We argue that prospective qualitative longitudinal research (QLR) is particularly appropriate to a trajectory-focused exploration of health crises and of the dynamics of social capital. In particular, we wish to suggest, an analytical focus on social change and continuity in the lives of individuals illuminates critical aspects of the process of resilience or adaptation. Prospective qualitative longitudinal research (QLR) aims to ‘walk alongside’ individuals or groups over time and contributes to a strand of social research that “follows the temporal rhythms of lived lives” (Mcleod & Thomson, 2009:60). QLR thus lends itself to the study of transitions, of how pathways are constructed, and the impact of key events and changing circumstances (Elliot, Holland, & Thomson, 2008; Holland, Thomson, & Henderson, 2006).
The ethics committees of the London School of Hygiene & Tropical Medicine and Ministry of Health, Burkina Faso approved the study. Data collection was conducted in two distinct waves. In both waves, our in-depth investigation was nested within a prospective epidemiological cohort study investigating health, social and economic consequences of obstetric emergencies (Filippi et al., 2007). That study focused on ‘near-miss’ obstetric events - complications that would likely have killed the woman had she not received timely medical care. In the first wave, qualitative fieldwork with 82 women recruited in two major cities and several small towns in Burkina Faso, took place over one year (Storeng et al., 2008). Initial work examined the immediate aftermath of these critical events, the immediate financial costs of emergency hospitalisation to poor households (Storeng et al., 2008) and the ensuing loss experienced by women through the combined disruptions of bodily integrity, of the household economy, and of social identity and social stability (Storeng, Murray, Akoum, Ouattara, & Filippi, 2010).
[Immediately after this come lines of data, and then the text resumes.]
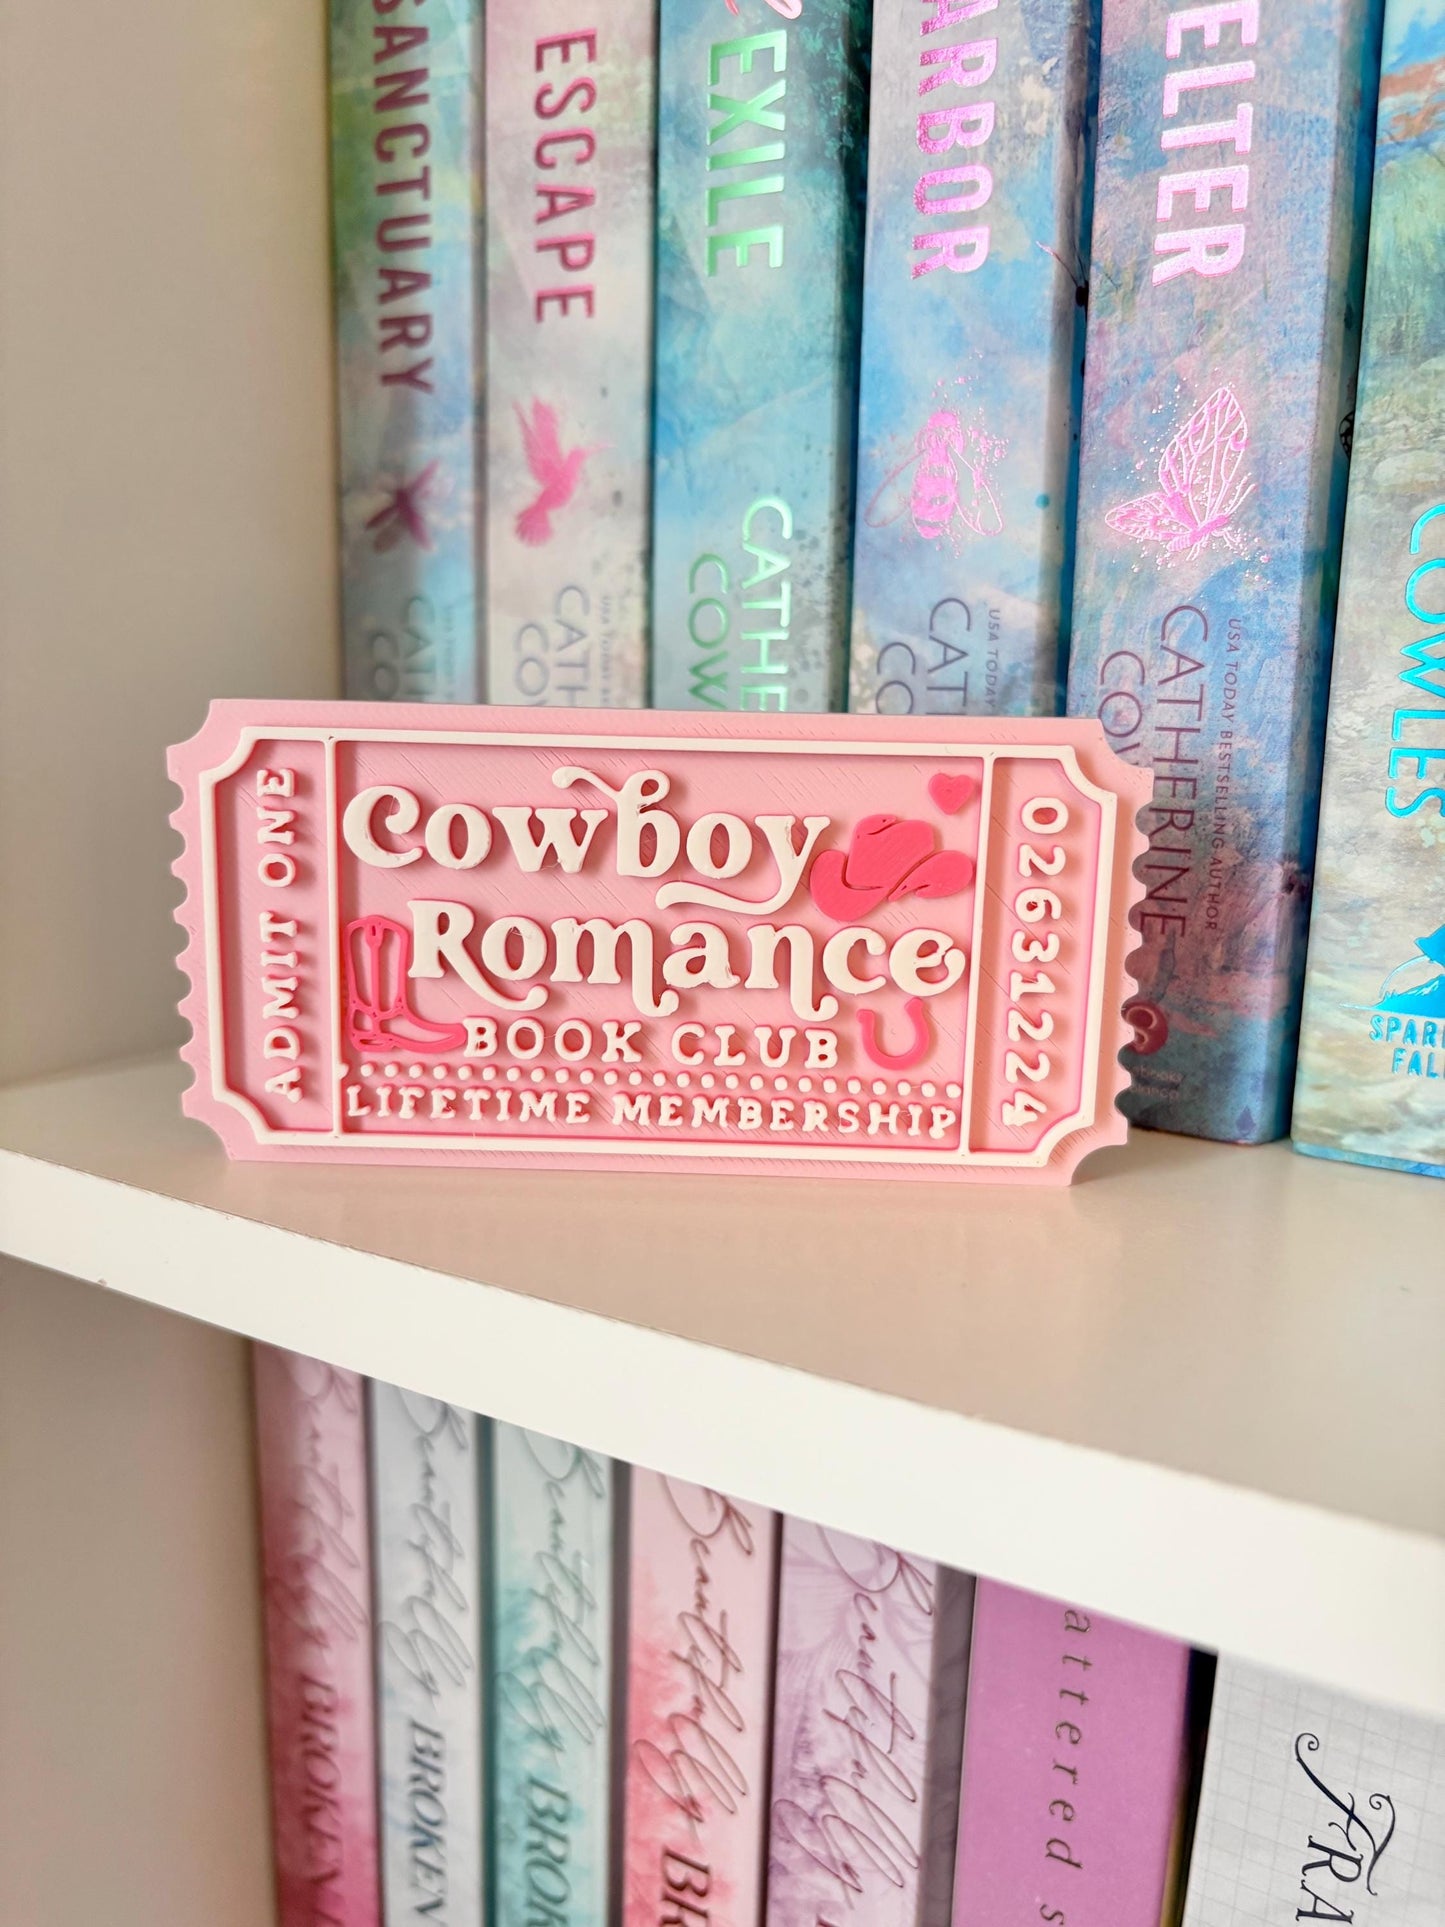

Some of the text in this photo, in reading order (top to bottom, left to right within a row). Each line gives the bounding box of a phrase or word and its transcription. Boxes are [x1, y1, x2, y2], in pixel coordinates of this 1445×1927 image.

[533, 28, 598, 324] ESCAPE
[706, 29, 788, 278] EXILE
[1152, 0, 1260, 287] ELTER
[514, 623, 551, 705] CO
[688, 553, 730, 709] COW
[741, 498, 793, 711] CATHE
[925, 598, 971, 715] CAT
[986, 609, 1000, 709] USA TODAY
[343, 766, 831, 915] Cowboy
[1139, 605, 1208, 938] CATHERINE
[1205, 618, 1241, 931] USA TODAY BESTSELLING AUTHOR
[256, 768, 301, 1104] ADMIT ONE
[407, 899, 966, 1022] Romance
[1002, 797, 1068, 1127] 02631224
[1369, 1014, 1445, 1049] SPAR
[347, 1084, 957, 1139] LIFETIME MEMBERSHIP
[462, 1016, 838, 1069] BOOK CLUB
[1391, 1048, 1445, 1079] FAL
[408, 1718, 448, 1927] BROKEN
[1044, 1608, 1093, 1870] attered
[1295, 1732, 1396, 1924] FRA
The QLR sample used in this article comprises sixteen of the twenty two women who were recruited from two hospitals in the western part of the country for the epidemiological study in 2004/2005, followed up for a year, and re-contacted for the second wave three to four years later. They had all survived near-miss events after treatment in either a referral-level hospital or a regional hospital, with pregnancy outcomes ranging from termination to stillbirth to live-birth. At their entry into the epidemiological study they were approached regarding participation in additional confidential in-depth qualitative interviews about their lives and about their recent healthcare experiences. It was made clear to them that there was no obligation to take part in this element. All those approached agreed to participate in the audio-recorded in-depth interviews, and agreed to the possibility of return visits by the researchers to request follow-up interviews. The researcher then contacted or visited the women to arrange interviews at the time and place of their choice (usually their home). On each occasion the interviewee was given the opportunity not to continue. One woman did decline to participate in the second wave follow-up. Four were now living elsewhere and could not be reached, and one had died from an unsafe abortion in the intervening period.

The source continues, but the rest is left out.